EXERCISE DESCRIPTION>
Copy exactly the lines starting at the one that contains "Some of the words" and running through the end of the material below. Exclude any pictures.

MATERIAL SHOWN>
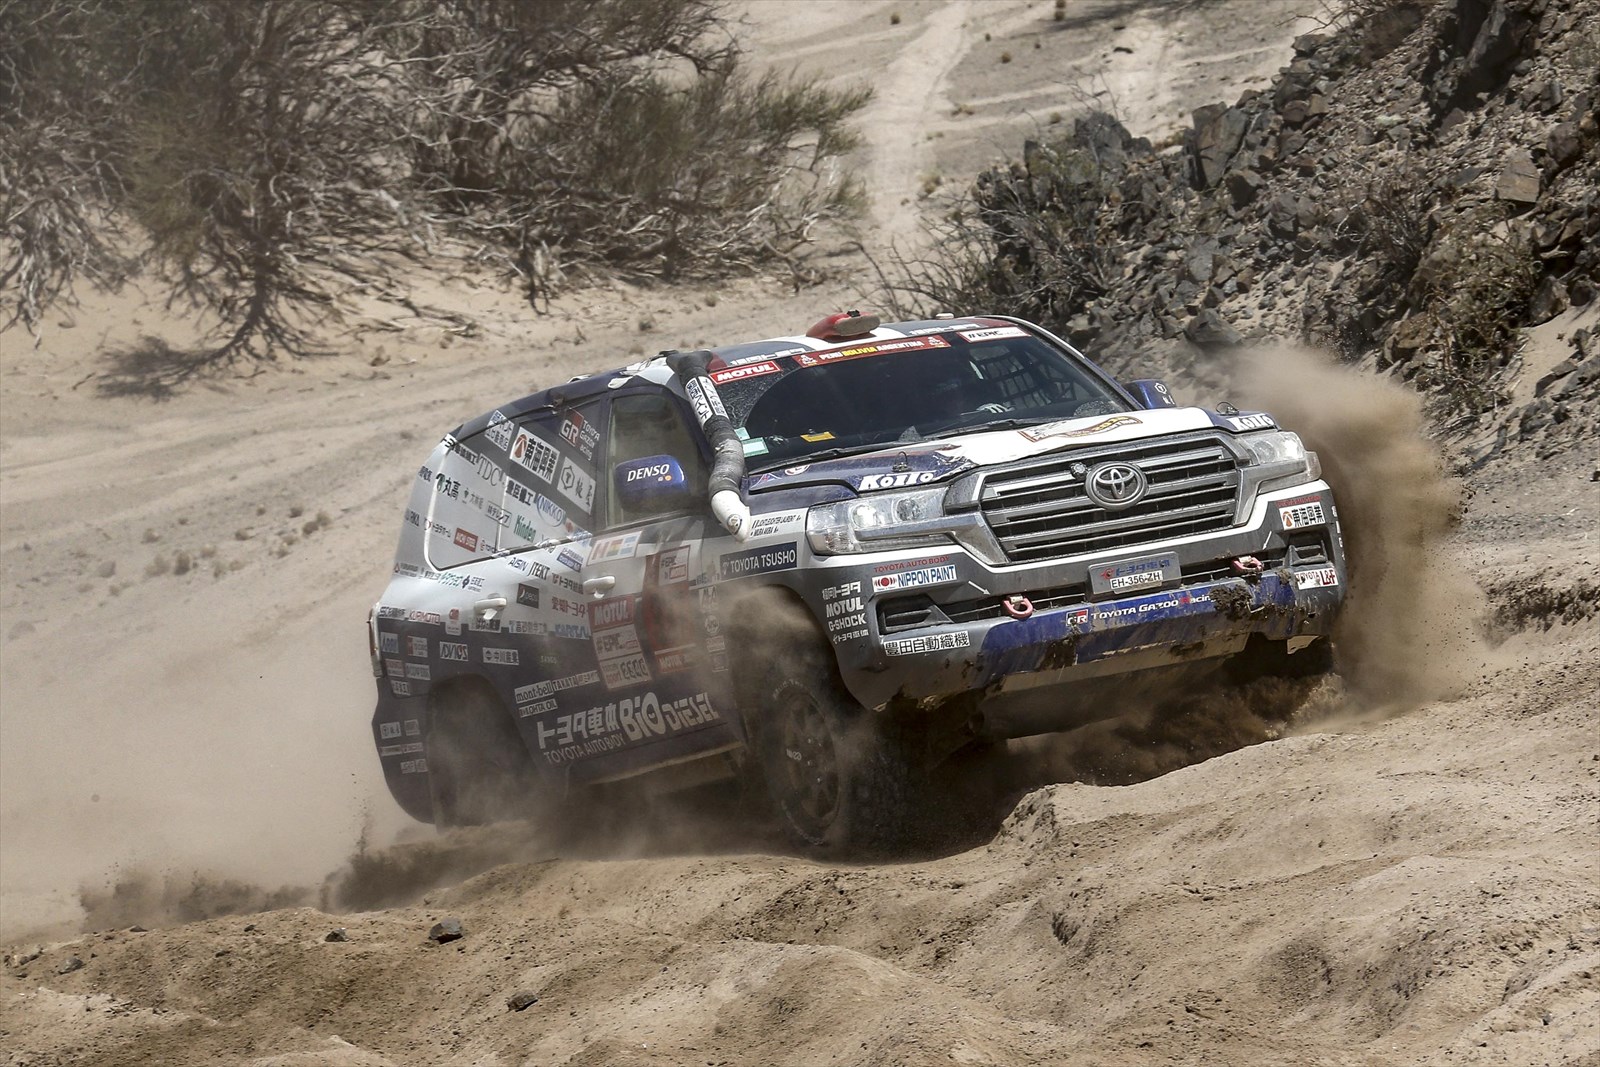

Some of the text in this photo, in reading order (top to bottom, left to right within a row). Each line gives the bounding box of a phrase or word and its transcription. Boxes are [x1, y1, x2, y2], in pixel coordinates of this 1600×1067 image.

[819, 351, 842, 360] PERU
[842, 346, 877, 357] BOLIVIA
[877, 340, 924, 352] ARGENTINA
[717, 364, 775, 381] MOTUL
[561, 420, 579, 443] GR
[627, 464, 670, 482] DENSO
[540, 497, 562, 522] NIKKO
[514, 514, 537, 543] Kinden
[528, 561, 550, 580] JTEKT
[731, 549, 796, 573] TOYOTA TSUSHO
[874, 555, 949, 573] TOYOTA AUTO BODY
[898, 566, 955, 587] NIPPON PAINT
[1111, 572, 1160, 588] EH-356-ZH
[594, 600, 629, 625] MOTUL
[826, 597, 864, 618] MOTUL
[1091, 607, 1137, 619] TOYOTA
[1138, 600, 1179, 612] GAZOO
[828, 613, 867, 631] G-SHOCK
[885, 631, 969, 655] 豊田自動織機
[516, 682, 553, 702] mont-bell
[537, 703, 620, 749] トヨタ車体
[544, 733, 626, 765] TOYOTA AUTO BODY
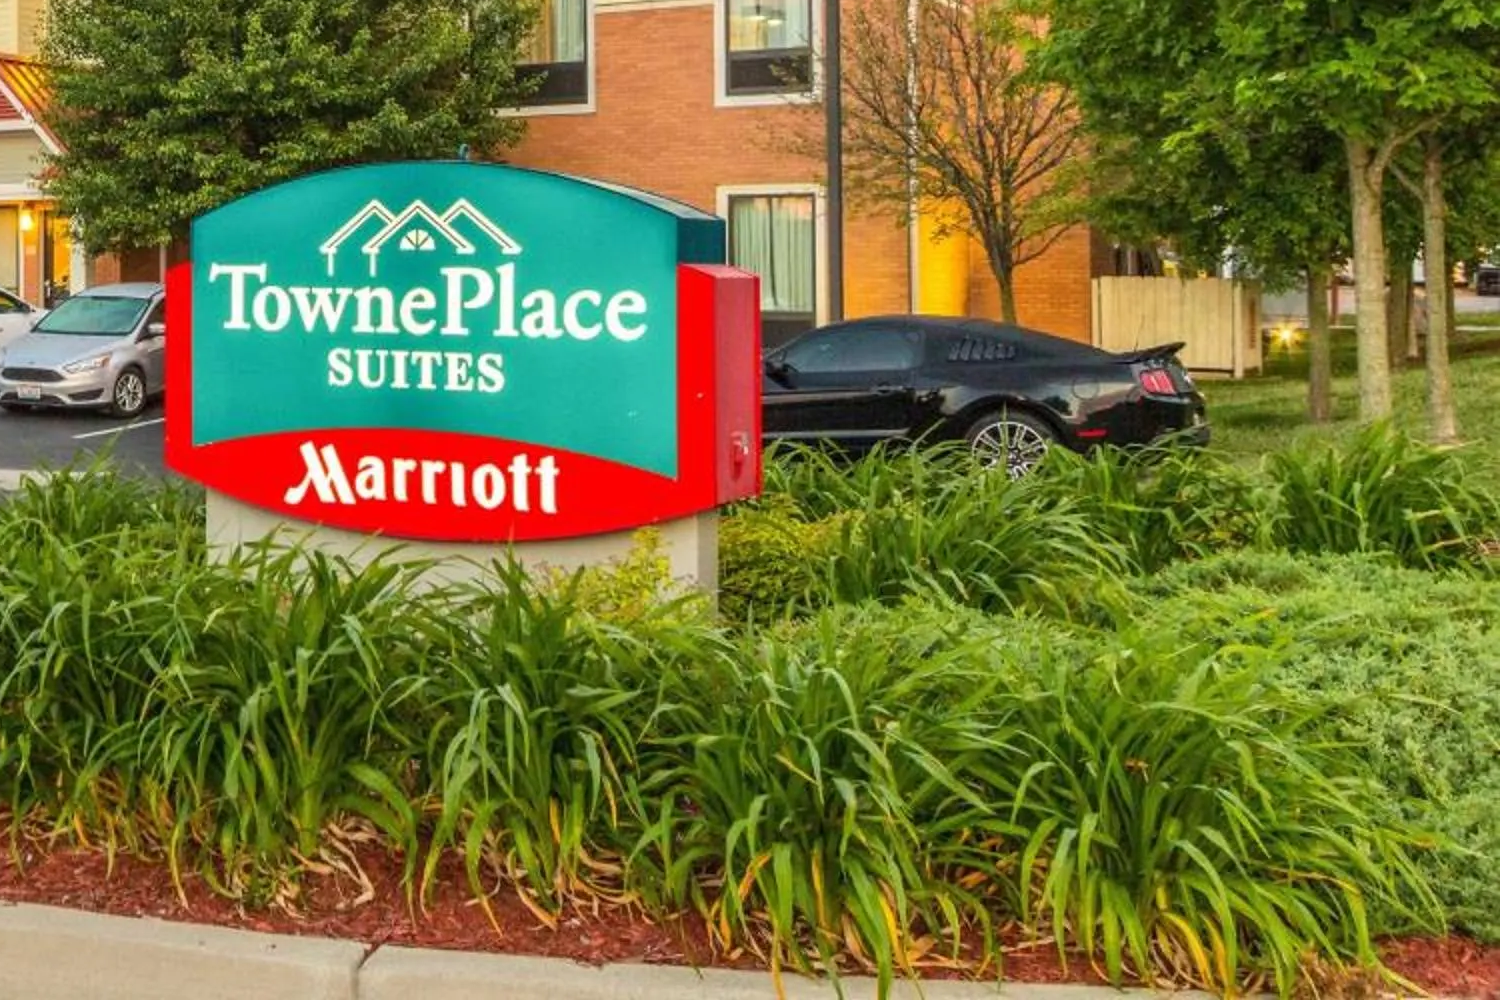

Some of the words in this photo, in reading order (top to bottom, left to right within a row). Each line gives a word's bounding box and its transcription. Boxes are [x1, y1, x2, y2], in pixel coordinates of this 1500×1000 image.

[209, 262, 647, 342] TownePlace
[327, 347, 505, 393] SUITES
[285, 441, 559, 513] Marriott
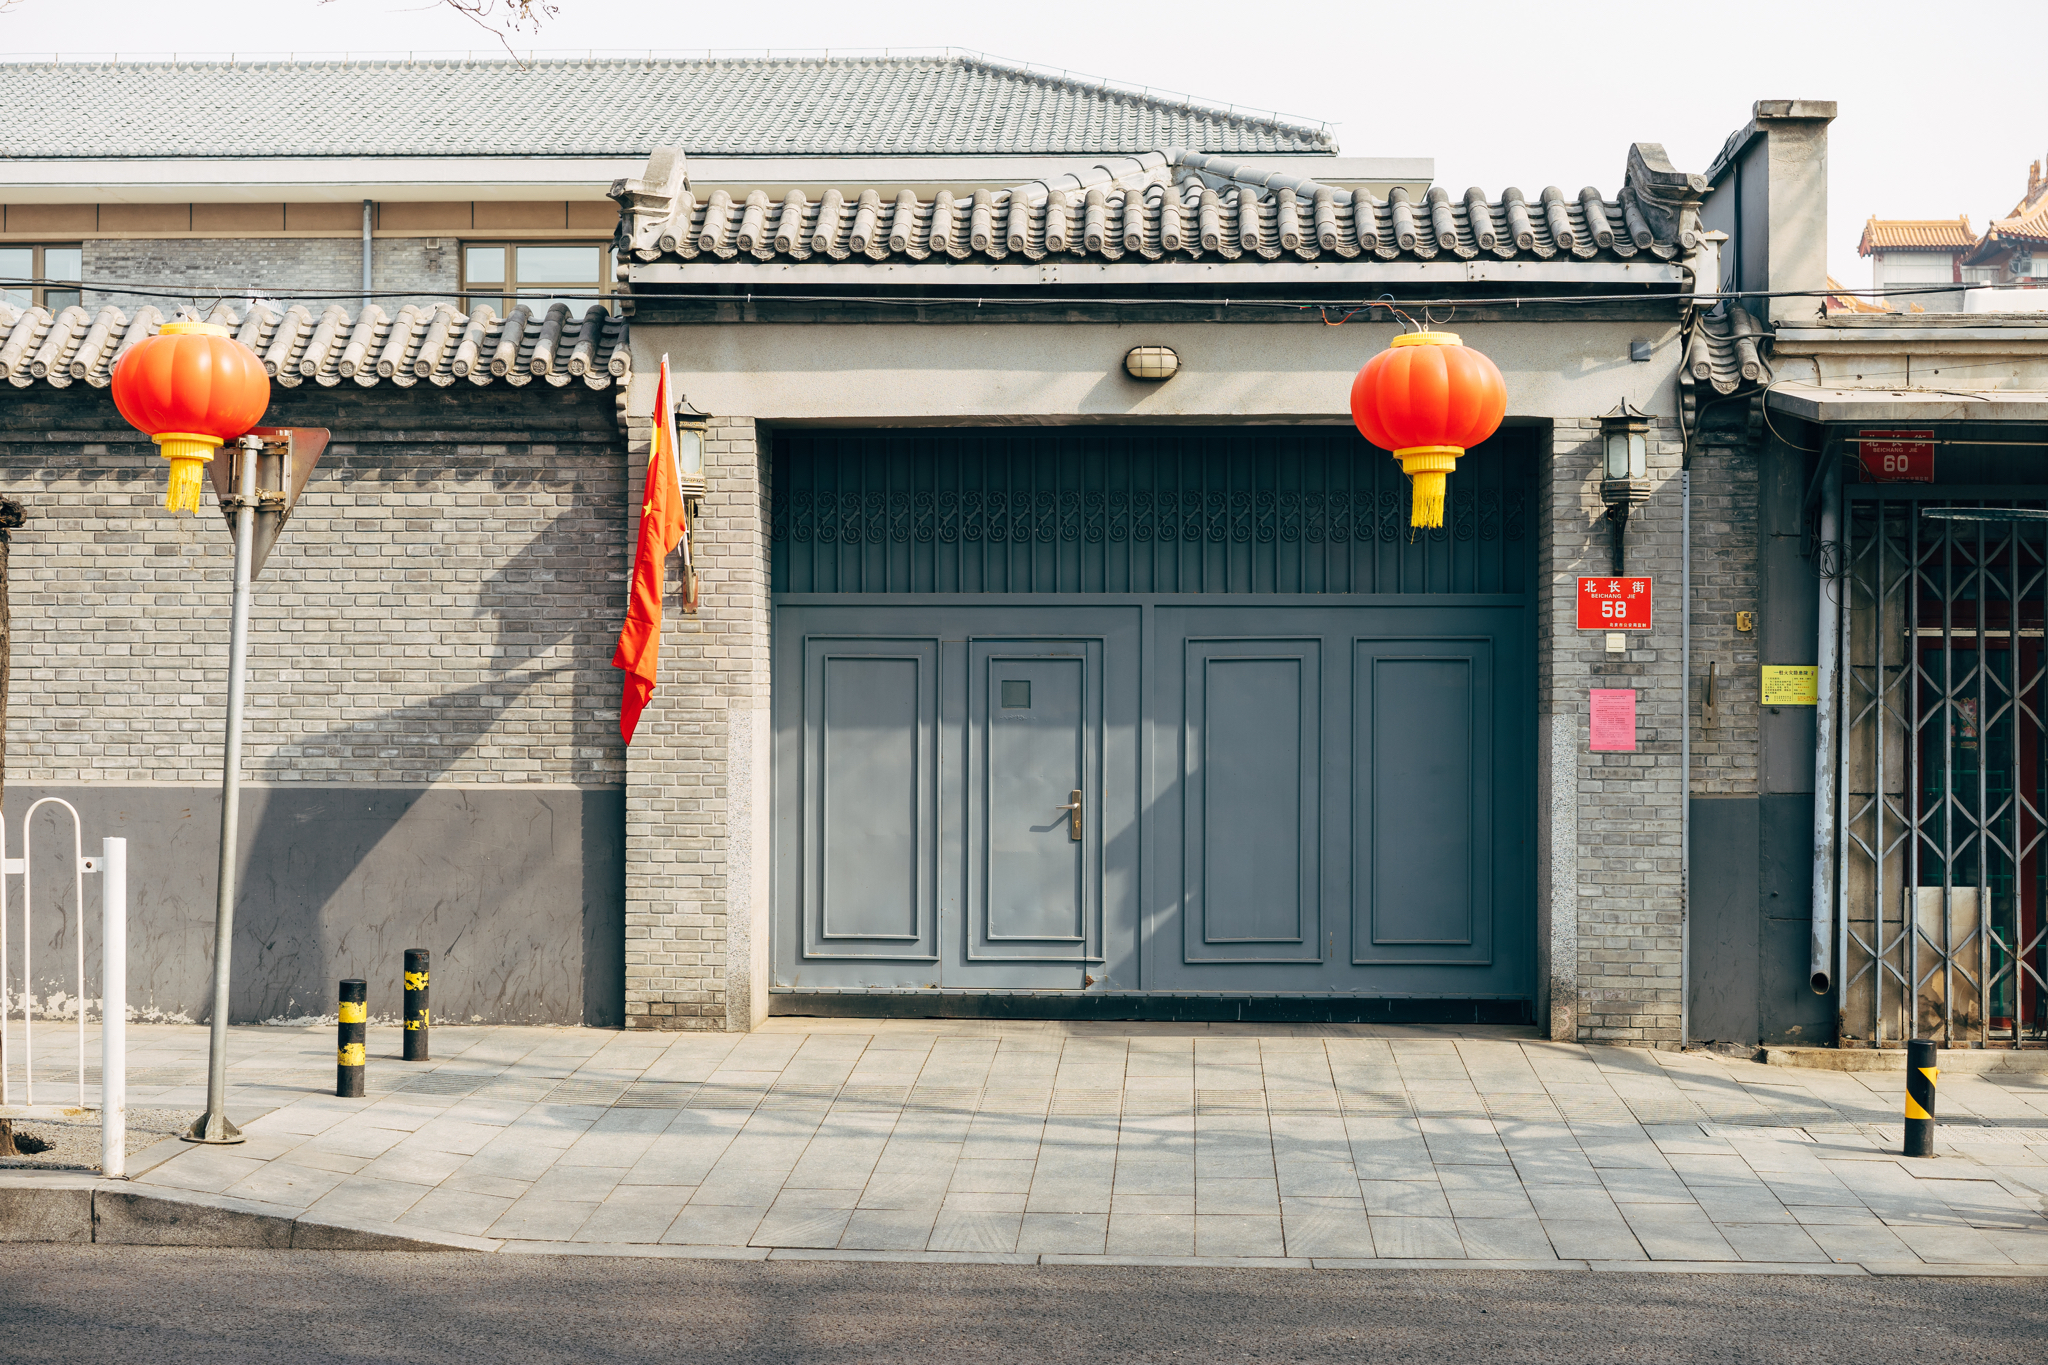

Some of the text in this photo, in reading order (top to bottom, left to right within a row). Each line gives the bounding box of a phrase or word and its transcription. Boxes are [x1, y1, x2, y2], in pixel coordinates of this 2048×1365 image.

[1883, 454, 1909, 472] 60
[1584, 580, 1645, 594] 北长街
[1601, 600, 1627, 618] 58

SOLUTION TO THE PROBLEM>
Some of the words in this photo, in reading order (top to bottom, left to right within a row). Each line gives a word's bounding box and its transcription. Boxes are [x1, y1, x2, y2], in pixel coordinates of this 1500×1000 image.

[209, 262, 647, 342] TownePlace
[327, 347, 505, 393] SUITES
[285, 441, 559, 513] Marriott

Some of the text in this photo, in reading order (top to bottom, left to right within a row). Each line gives the bounding box of a phrase or word and its transcription. Boxes are [x1, y1, x2, y2], in pixel coordinates of this 2048×1365 image.

[1883, 454, 1909, 472] 60
[1584, 580, 1645, 594] 北长街
[1601, 600, 1627, 618] 58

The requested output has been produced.